Loan payment

Suspension of student loan repayments extended until January 31

Borrowers have not had to make payments since March, but the relief was due to expire on December 31. DeVos also extended the pause on interest accrual, as well as the suspension of collections on defaulted loans.

In an unprecedented move, President Donald Trump initially waived interest on student loans in March as large parts of the economy began to shut down in response to the coronavirus pandemic.

A broader version of student loan relief was included in the $2 trillion economic stimulus package signed two weeks later. Under this program, the US government has automatically suspended payments and waived interest on federal student loans until September. Trump then moved the expiration date to the end of the year through executive action.
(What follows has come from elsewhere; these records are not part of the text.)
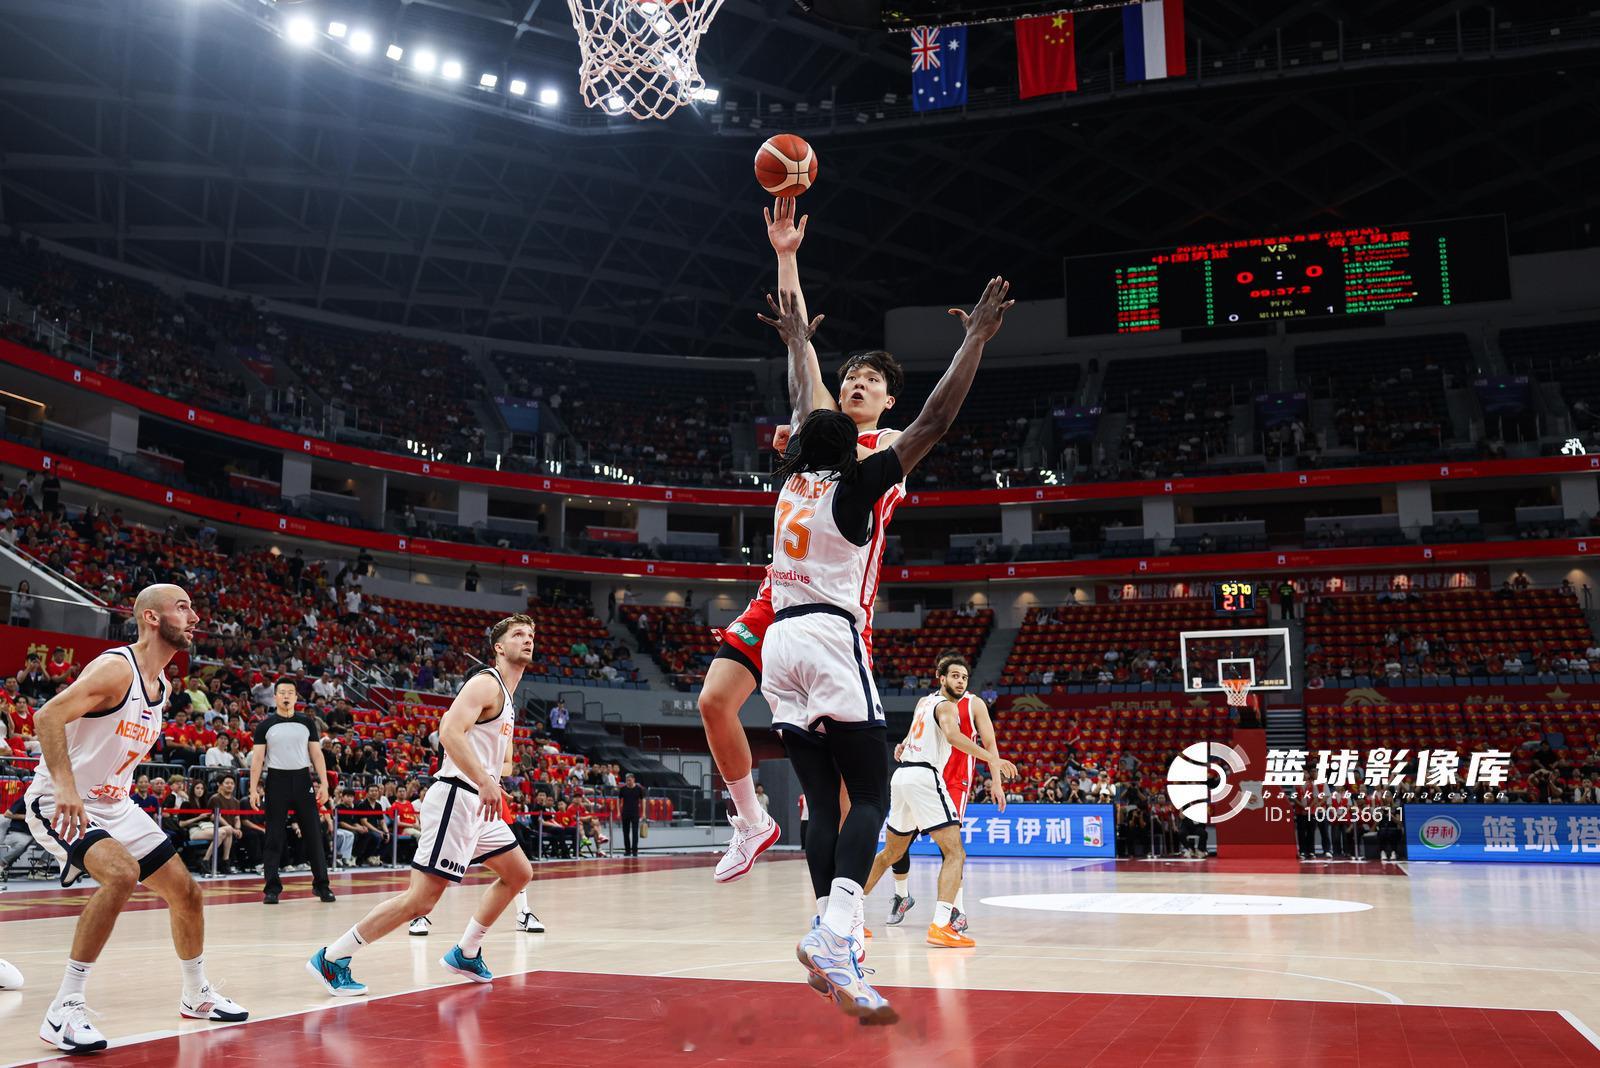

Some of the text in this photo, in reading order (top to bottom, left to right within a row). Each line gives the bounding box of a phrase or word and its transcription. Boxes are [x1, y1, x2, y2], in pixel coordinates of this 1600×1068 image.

[1267, 244, 1288, 253] VS
[1236, 271, 1254, 284] 0
[1305, 265, 1323, 278] 0
[1250, 285, 1312, 298] 09:37.2
[1327, 305, 1334, 313] 1
[1229, 314, 1239, 322] 0
[115, 750, 140, 775] 7
[1426, 826, 1453, 839] 伊利
[1482, 816, 1600, 853] 篮球搭
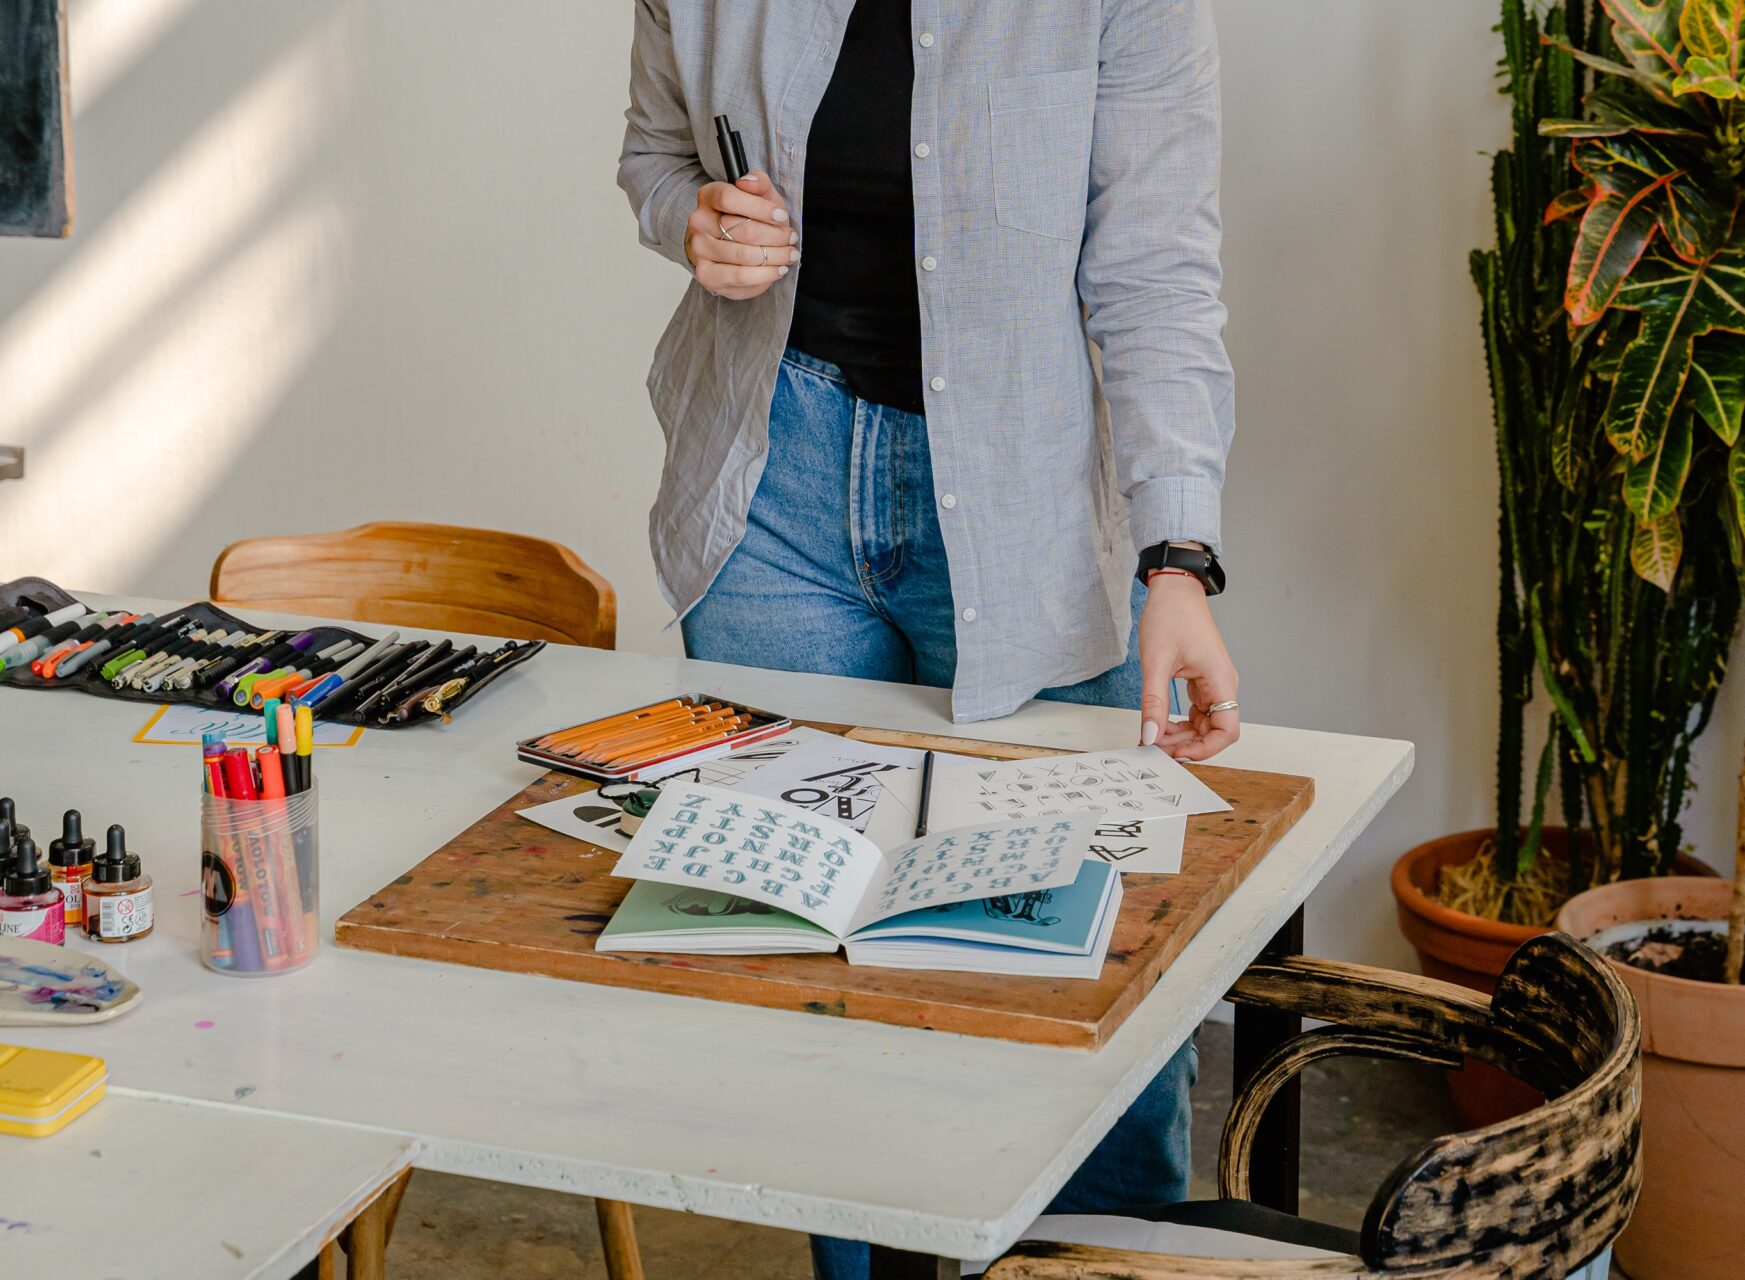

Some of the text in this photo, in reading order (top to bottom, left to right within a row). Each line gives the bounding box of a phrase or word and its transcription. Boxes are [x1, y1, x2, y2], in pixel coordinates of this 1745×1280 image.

Congress has yet to approve more pandemic aid despite months-long negotiations over another sweeping stimulus package, but lawmakers are closing in on a deal. A bipartisan proposal unveiled earlier this week included a provision to continue the pause on student loan repayments. But the negotiators still have a lot of work to do and the deadline is fast approaching. It is still possible that Congress will extend the relief beyond January 31. President-elect Joe Biden could also push back the deadline with executive action.
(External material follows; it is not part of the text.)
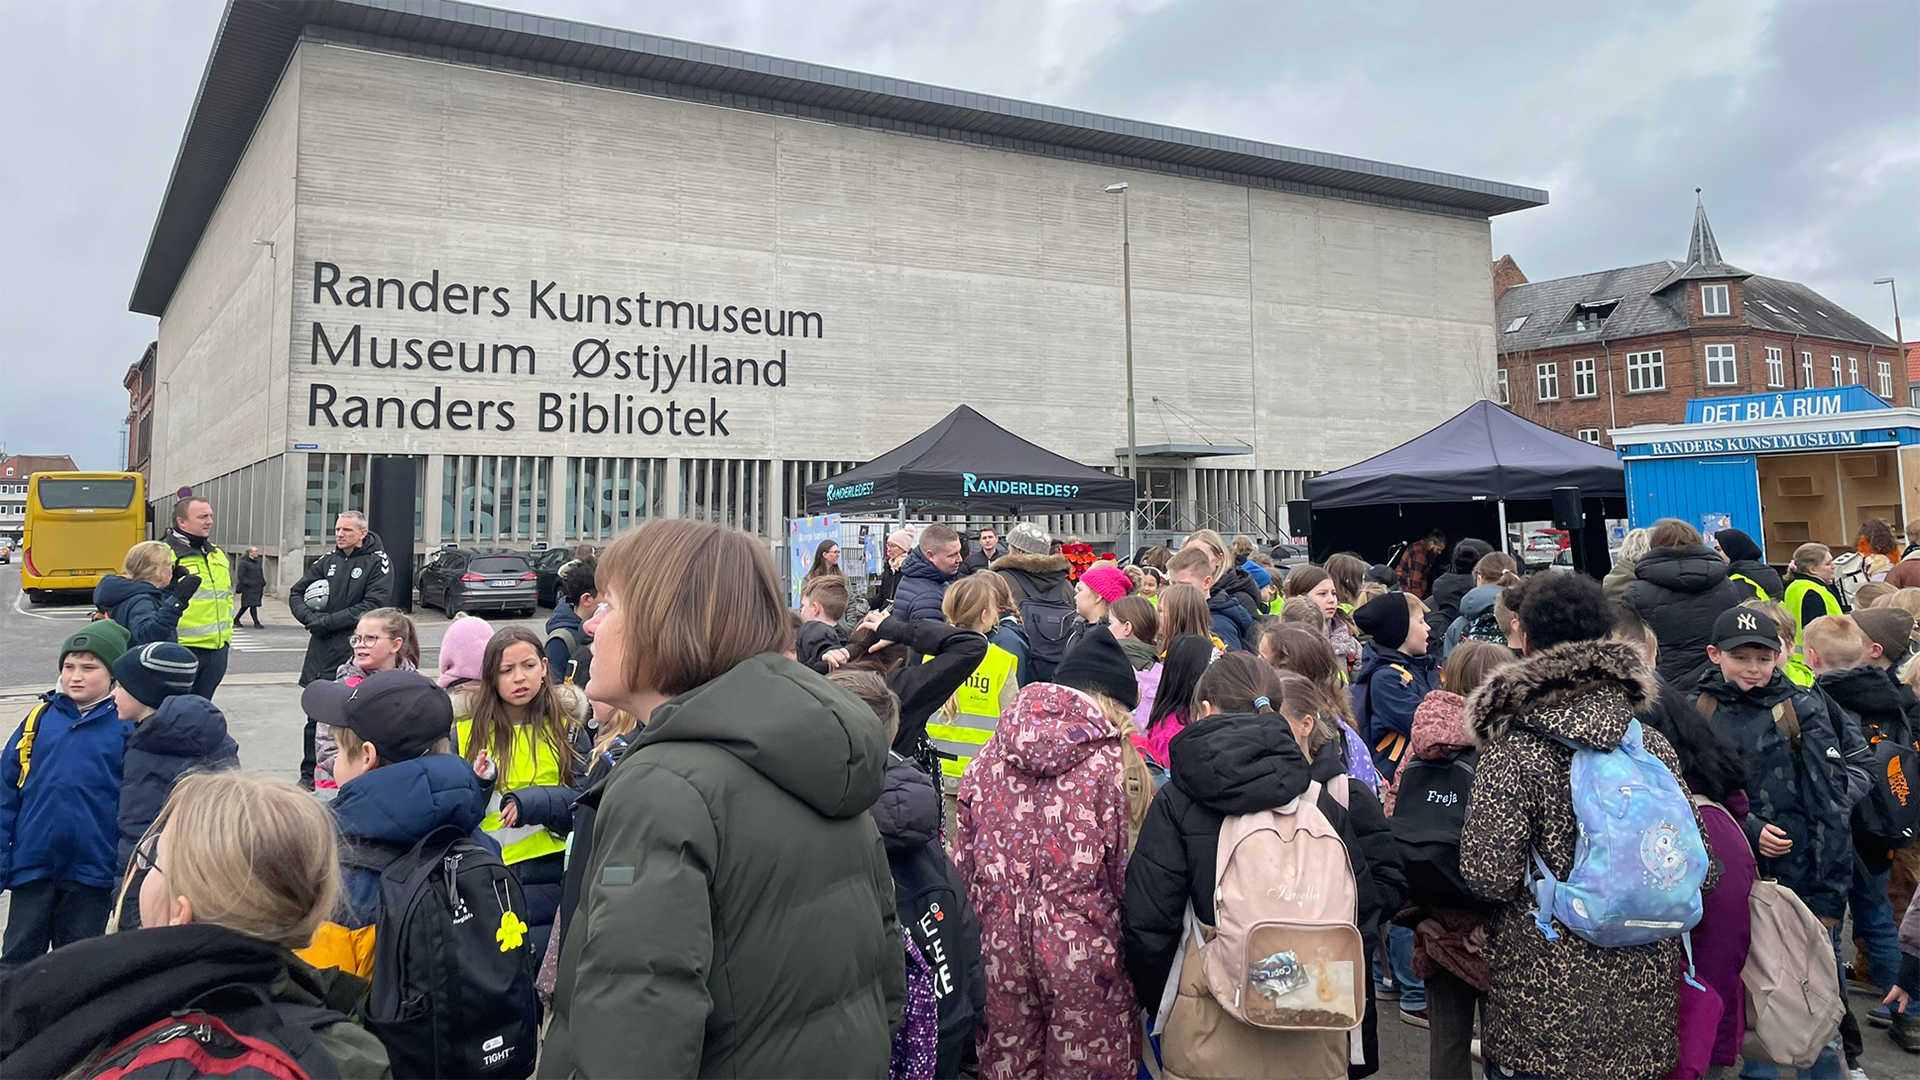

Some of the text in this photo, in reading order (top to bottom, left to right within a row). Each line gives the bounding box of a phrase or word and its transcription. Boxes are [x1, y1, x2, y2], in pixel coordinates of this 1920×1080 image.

The interest suspension and relief only applies to loans held by the federal government. This covers approximately 85% of all federal student loans, including those known as direct federal loans and PLUS loans that parents can take out on behalf of their children.

It excludes certain federal loans that are guaranteed by the government but technically not owned by it. Generally, these were disbursed before 2010.

Although borrowers do not have to make any payments until January 31, they will still be able to do so and benefit from the 0% interest rate.

Individuals enrolled in the Public Service Loan Repayment Plan will still receive credit for the rebate program as if they had continued to pay, as long as they are still working full-time for eligible employers.